Acts 28

And, when we were safely through, then, we knew that the island was called, Melita. And, the natives, began to shew us no common philanthropy; for, kindling a fire, they received us all, because of the rain that had set in, and because of the cold. But, when Paul had gathered a certain lot of firewood into a bundle, and laid it on the fire, a viper, by reason of the heat, coming forth, fastened on his hand. And, when the natives saw the brute hanging out from his hand, they began to say, one to another—Doubtless, this man is, a murderer, whom, though brought safely through out of the sea, Justice, hath not suffered, to live. He, however, shaking of the brute into the fire, suffered no harm; whereas, they, were expecting, that he was about to become inflamed, or to fall down suddenly dead;—but, when they had been long expecting, and had observed, nothing unusual, happening unto him, they changed their minds, and began to say he was a god. Now, in the neighbourhood of that place, were lands, belonging to the chief man of the island, by name Publius,—who, making us welcome, for three days, hospitably entertained us. And it so happened that, the father of Publius, with feverish heats and dysentery distressed, was lying prostrate: unto whom Paul entering in and praying, laid his hands on him, and healed him. And, when this happened, the rest also, even they in the island who were sick, were coming in and getting cured; 10 who also, with many honours, honoured us, and, when we were about to sail, put on board such things as we might need.

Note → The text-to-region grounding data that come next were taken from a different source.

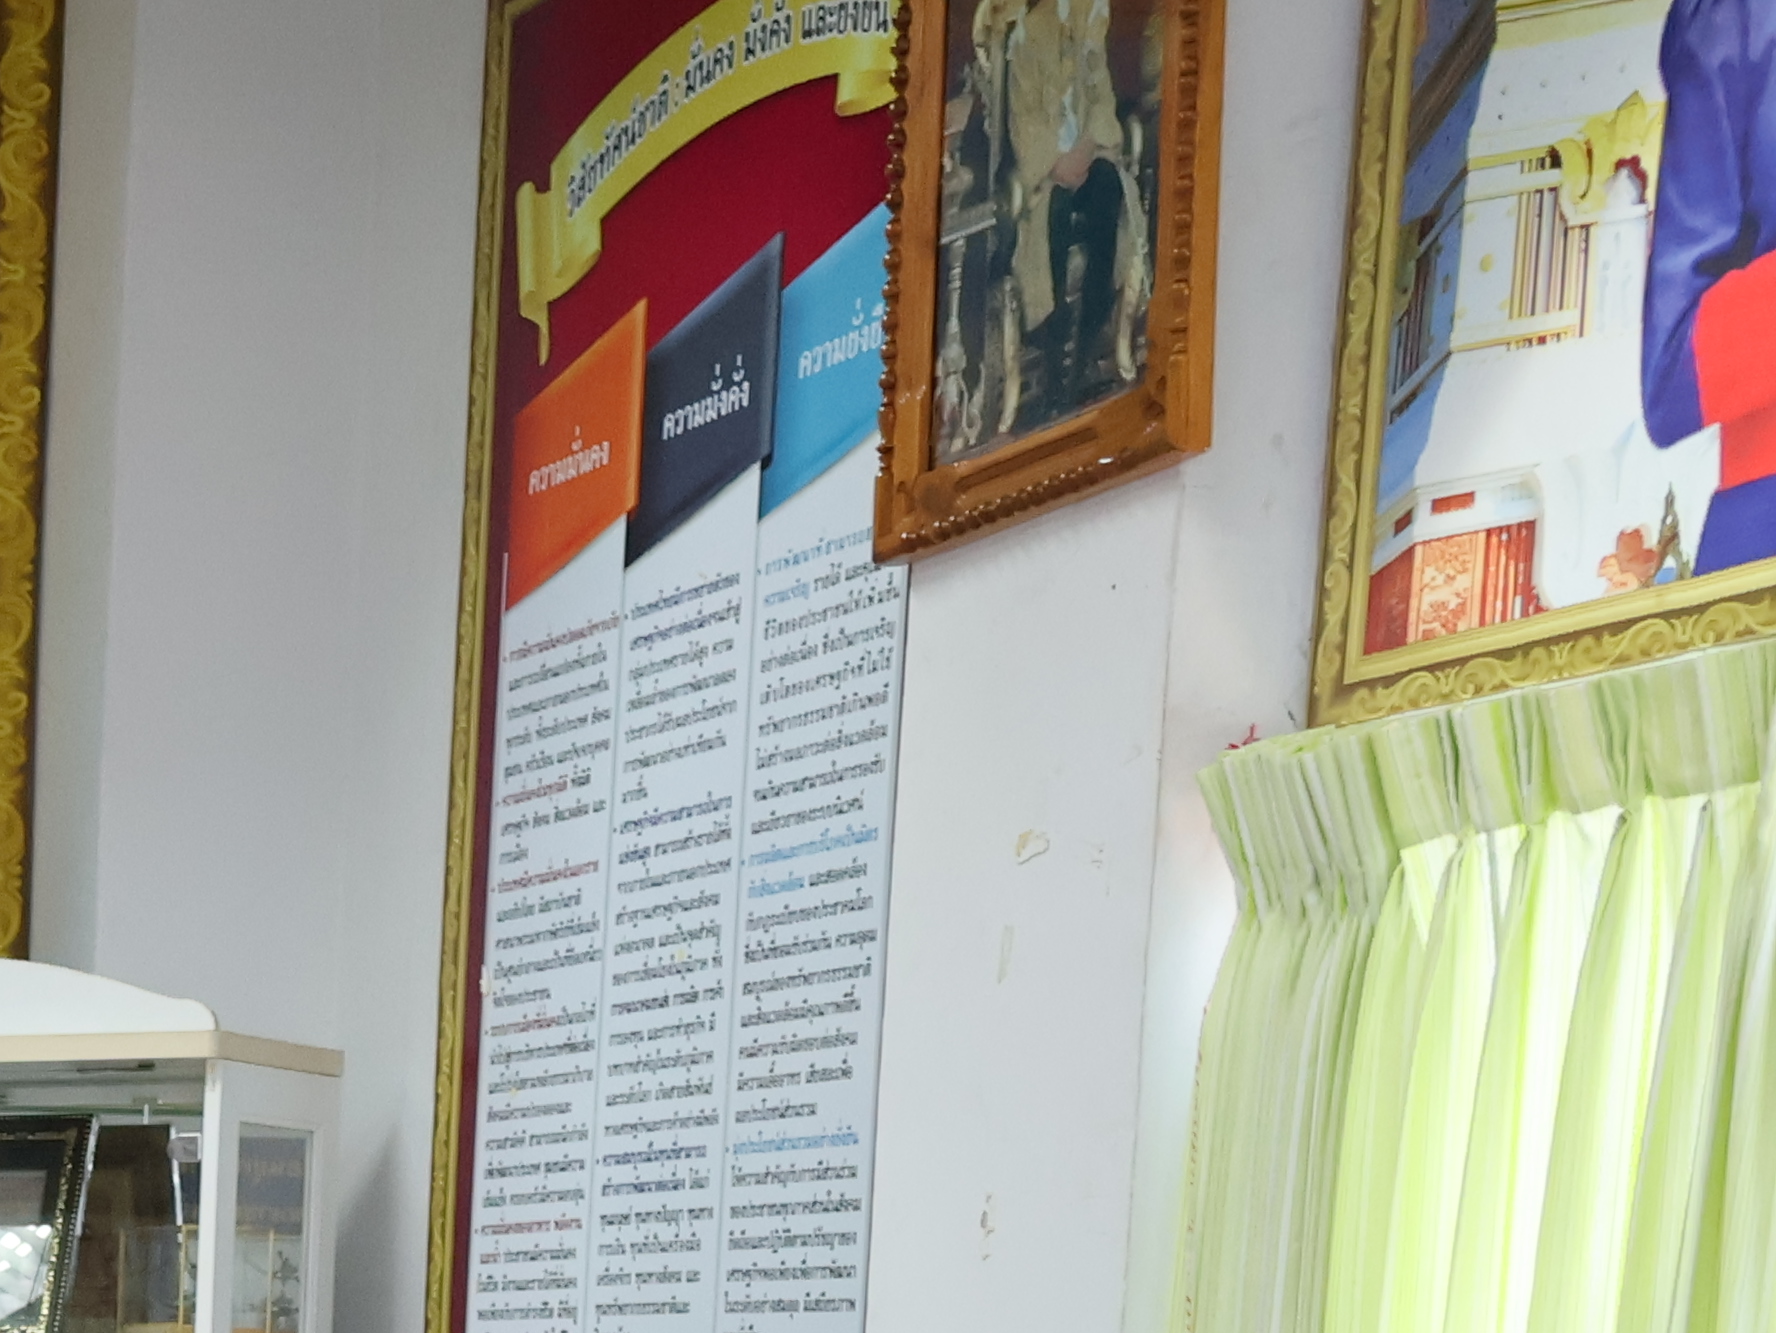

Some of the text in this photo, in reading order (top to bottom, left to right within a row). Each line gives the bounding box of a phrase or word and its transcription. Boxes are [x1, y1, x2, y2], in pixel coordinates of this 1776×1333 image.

[684, 26, 735, 100] มั่นคง
[662, 355, 750, 440] ความมั่งคั่ง
[528, 426, 610, 495] ความมั่นคง
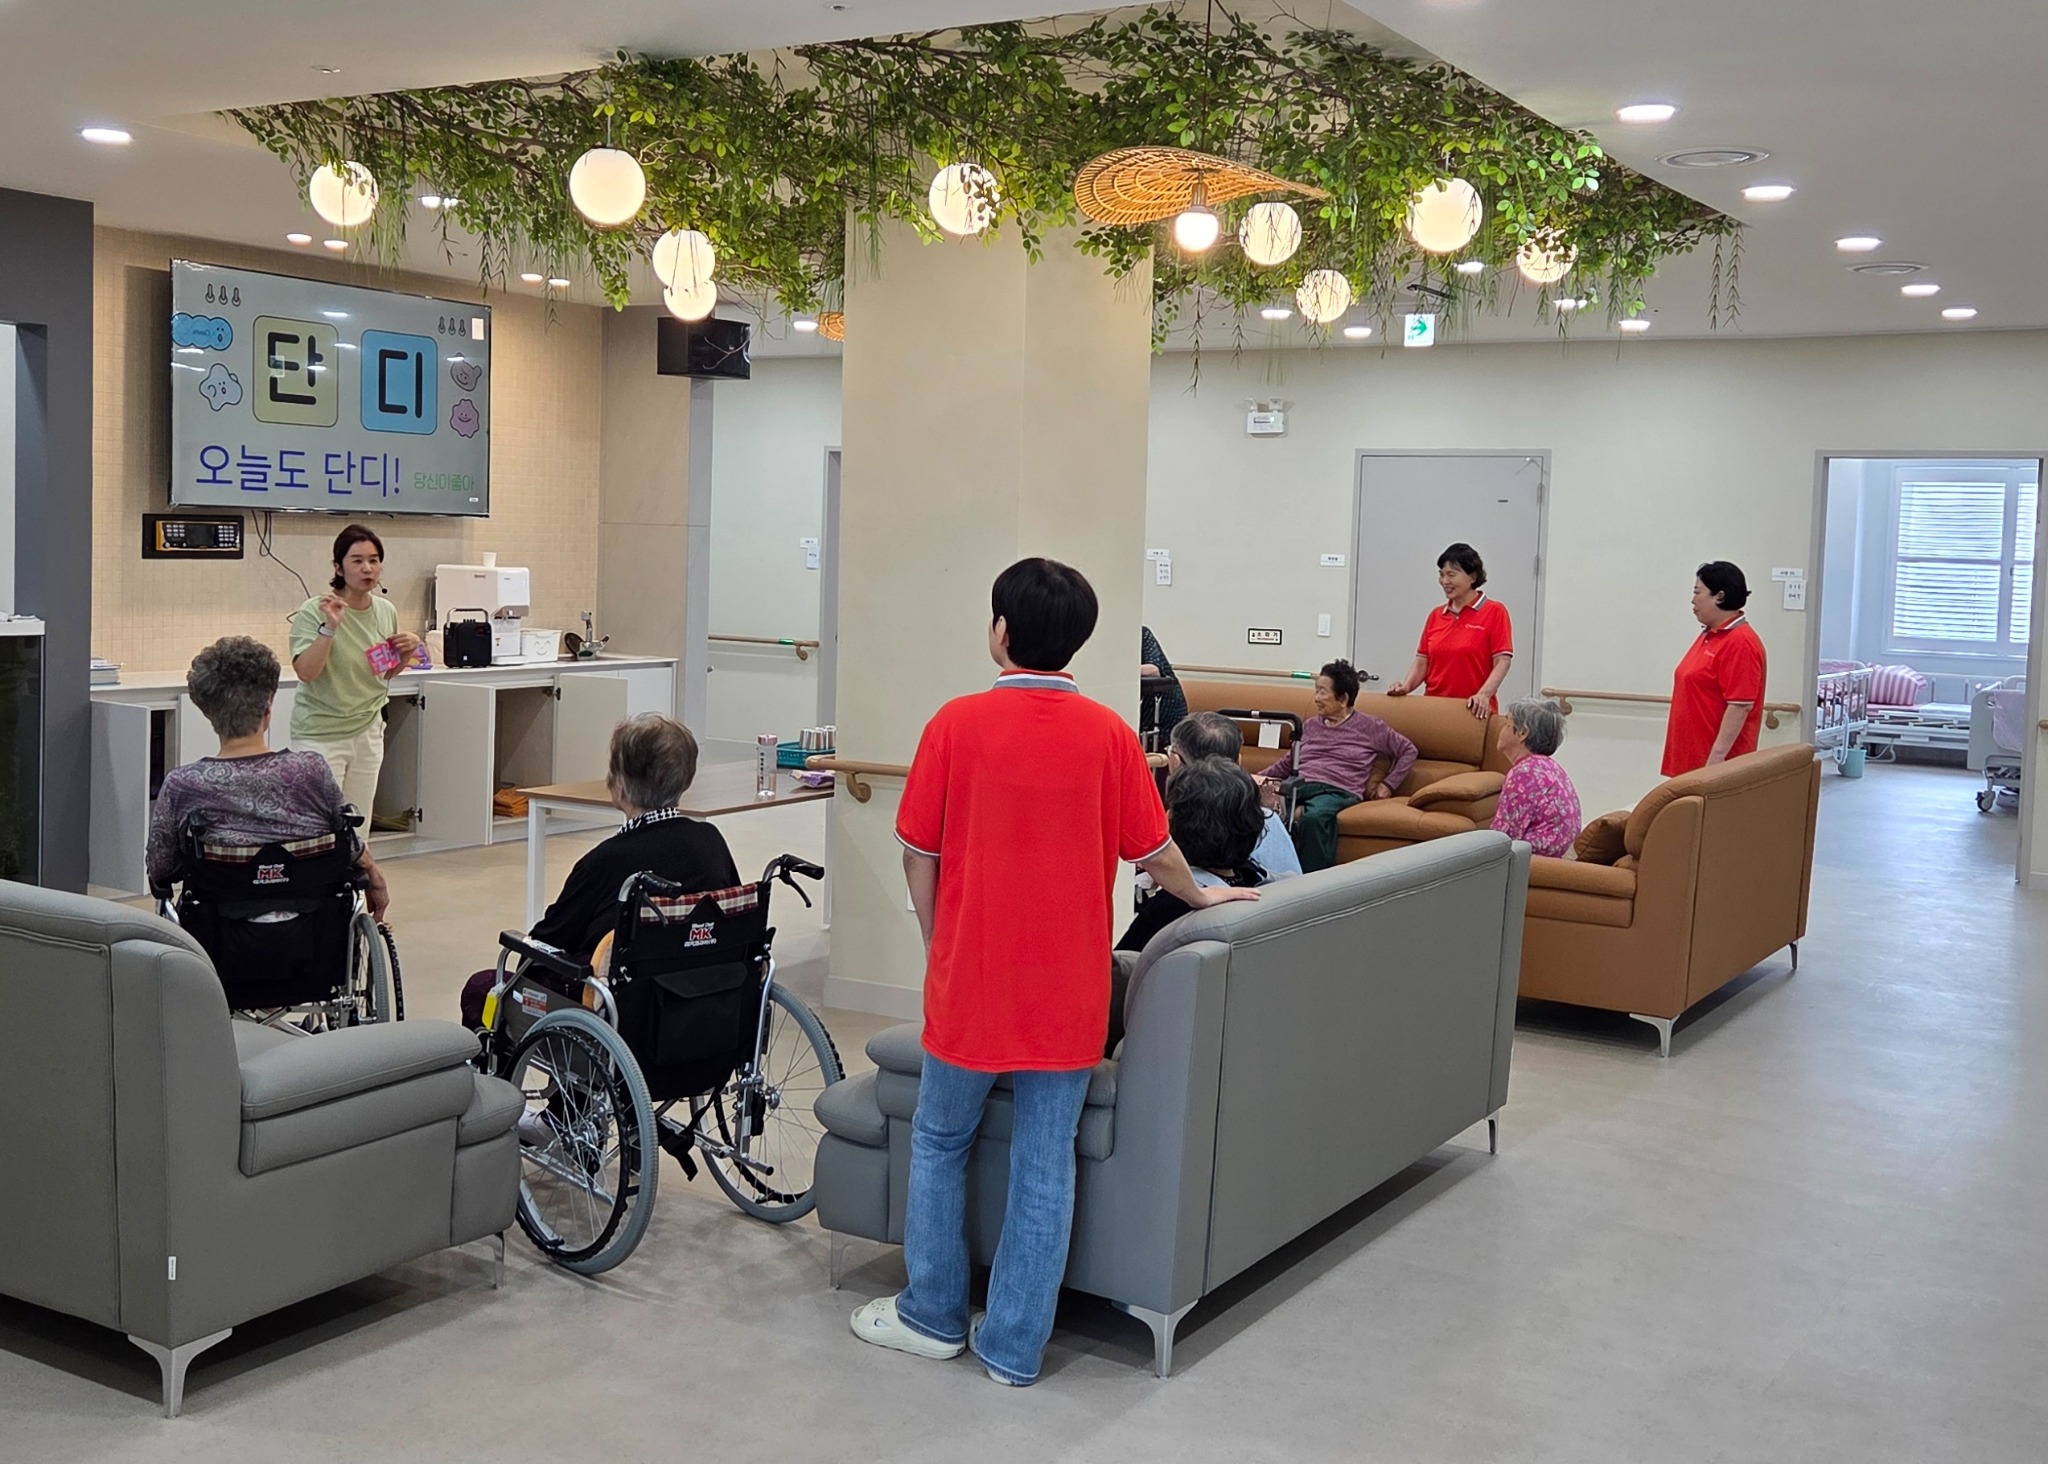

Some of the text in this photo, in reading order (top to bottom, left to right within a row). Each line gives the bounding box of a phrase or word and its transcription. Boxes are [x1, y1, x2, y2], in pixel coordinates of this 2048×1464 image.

[196, 445, 400, 497] 오늘도 단디!
[689, 926, 714, 941] MK
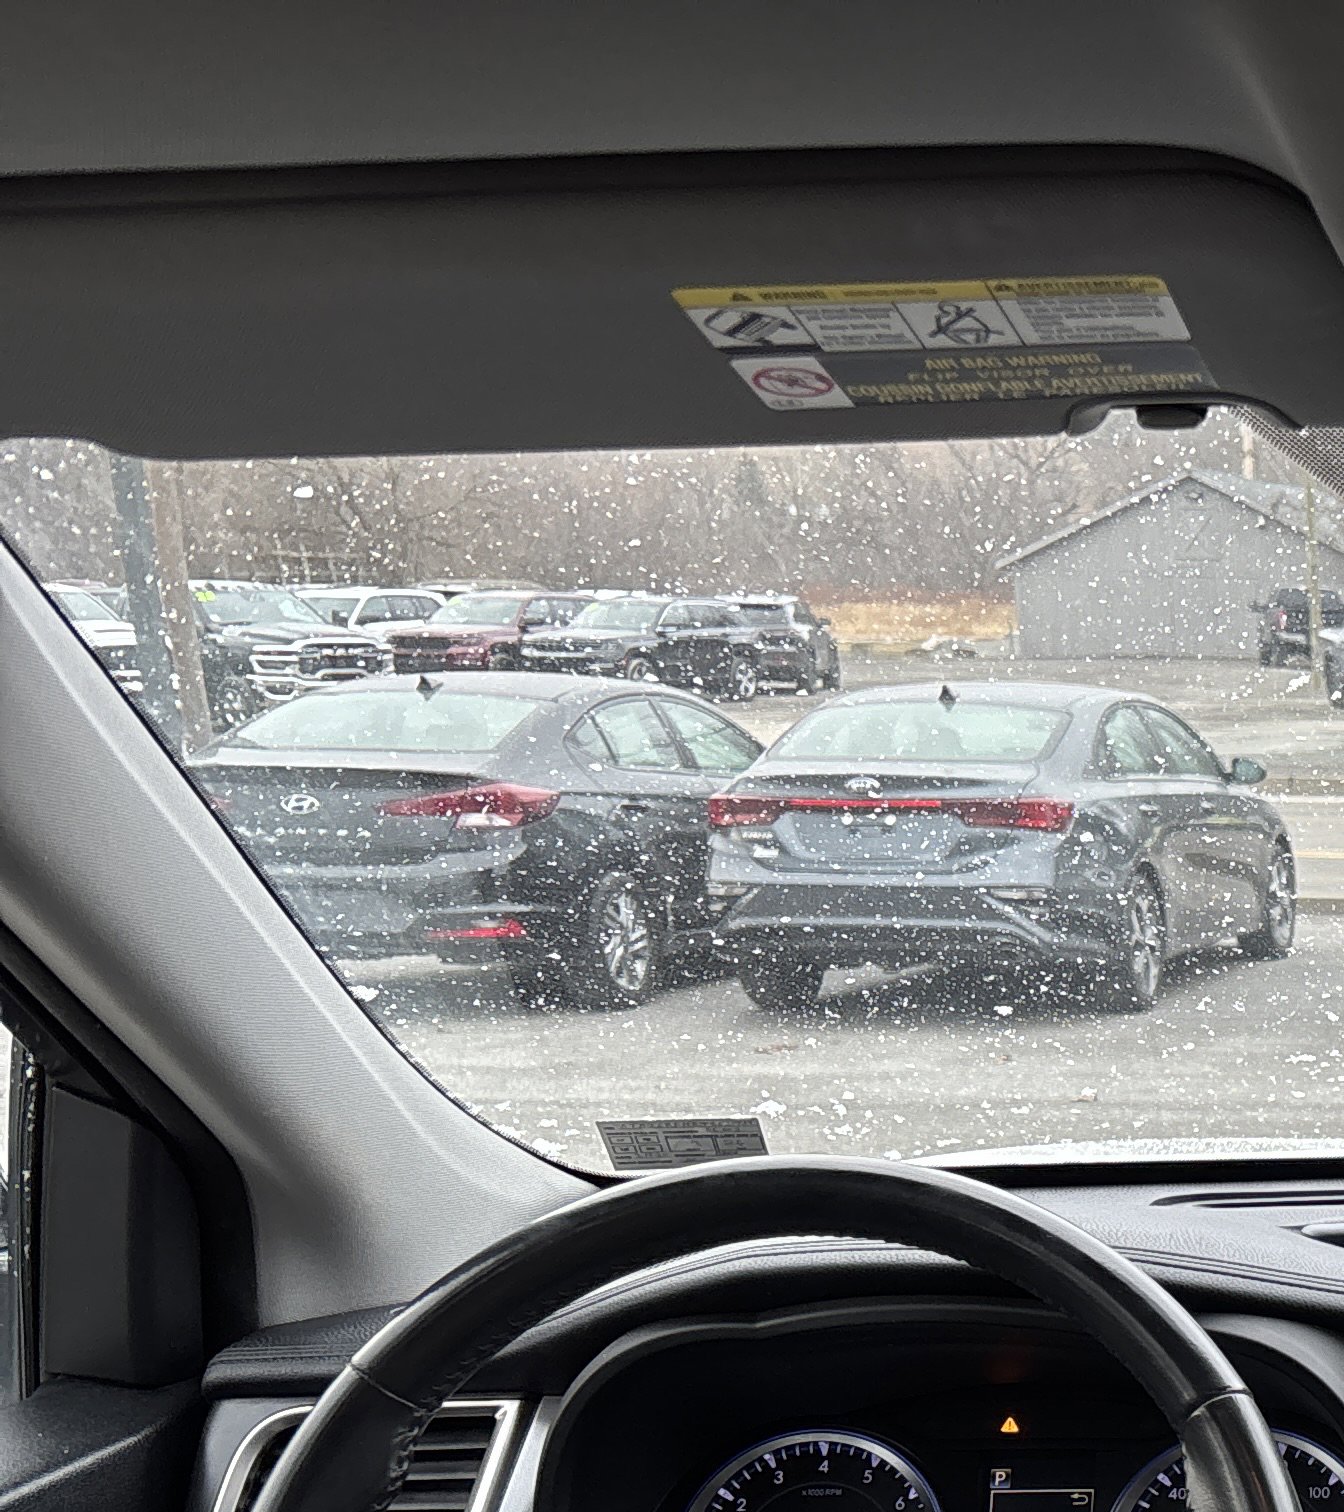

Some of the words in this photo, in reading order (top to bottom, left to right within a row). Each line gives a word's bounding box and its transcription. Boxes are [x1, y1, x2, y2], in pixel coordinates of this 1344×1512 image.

11 And, after three months, we sailed in a ship which had wintered in the island, [a ship] of Alexandria, whose ensign was The Twin Brothers; 12 and, touching at Syracuse, we tarried three days; 13 whence, going round, we reached Rhegium; and, after one day, a south wind springing up, on the second day, we came to Puteoli; 14 where, finding brethren, we were entreated to tarry, with them, seven days;—and, thus, towards Rome, we came. 15 And, when from thence the brethren heard the tidings concerning us, they came to meet us, as far as The Market of Appius and the Three Taverns—seeing whom, Paul thanked God, and took courage. 16 And, when we entered into Rome, Paul was suffered to abide by himself, with the soldier that guarded him.

17 And it came to pass, after three days, that he called together those who were the chief of the Jews; and, when they came together, he began to say unto them—I, brethren, though I had done nothing against the people, or the customs of our fathers, as a prisoner, out of Jerusalem, was delivered into the hands of the Romans; 18 who, indeed, when they had examined me, were minded to set me at liberty, because there was, nothing worthy of death, in me. 19 But, as the Jews spake against it, I was constrained to appeal unto Caesar,—not as though, against my nation, I had anything to bring by way of accusation. 20 For this cause, therefore, have I called for you, to see and to speak with you; for, on account of the hope of Israel, this chain, have I about me! 21 And, they, said unto him—We, have neither received letters concerning thee from the Jews, nor hath anyone of the brethren who hath arrived reported or spoken concerning thee, anything ill. 22 But we deem it well, that, from thee, we should hear what are thine opinions; for, indeed, concerning this sect, it is, known to us, that, everywhere, is it spoken against.

23 And, having arranged with him a day, there came unto him, to the lodging, a larger number; unto whom he proceeded to expound, bearing full witness as to the kingdom of God, and persuading them concerning Jesus, both from the law of Moses, and from the prophets,—from morning till evening. 24 And, some, indeed, were persuaded by the things that were spoken, whereas, others, disbelieved; 25 and, not being, agreed, among themselves, they began to leave,—Paul having said one thing—Well, did, the Holy Spirit, speak through Isaiah the prophet, unto your fathers, 26 saying—Go thy way unto this people, and say—Ye shall, surely hear, and yet will in nowise understand. And, surely see, and yet will in nowise perceive; 27 For the heart of this people, hath become dense, and, with their ears, heavily, have they heard, and, their eyes, have they closed,—lest once they should see with their eyes, and, with their ears, should hear, and, with their hearts, should understand, and return,—when I would certainly heal them. 28 Be it, known unto you, therefore, that, unto the nations, hath been sent forth this salvation of God: they, will also hear. 29 

30 And he abode two whole years in his own hired house, and made welcome all who were coming in unto him,— 31 proclaiming the kingdom of God, and teaching the things concerning the Lord Jesus Christ, with all freedom of speech, without hindrance.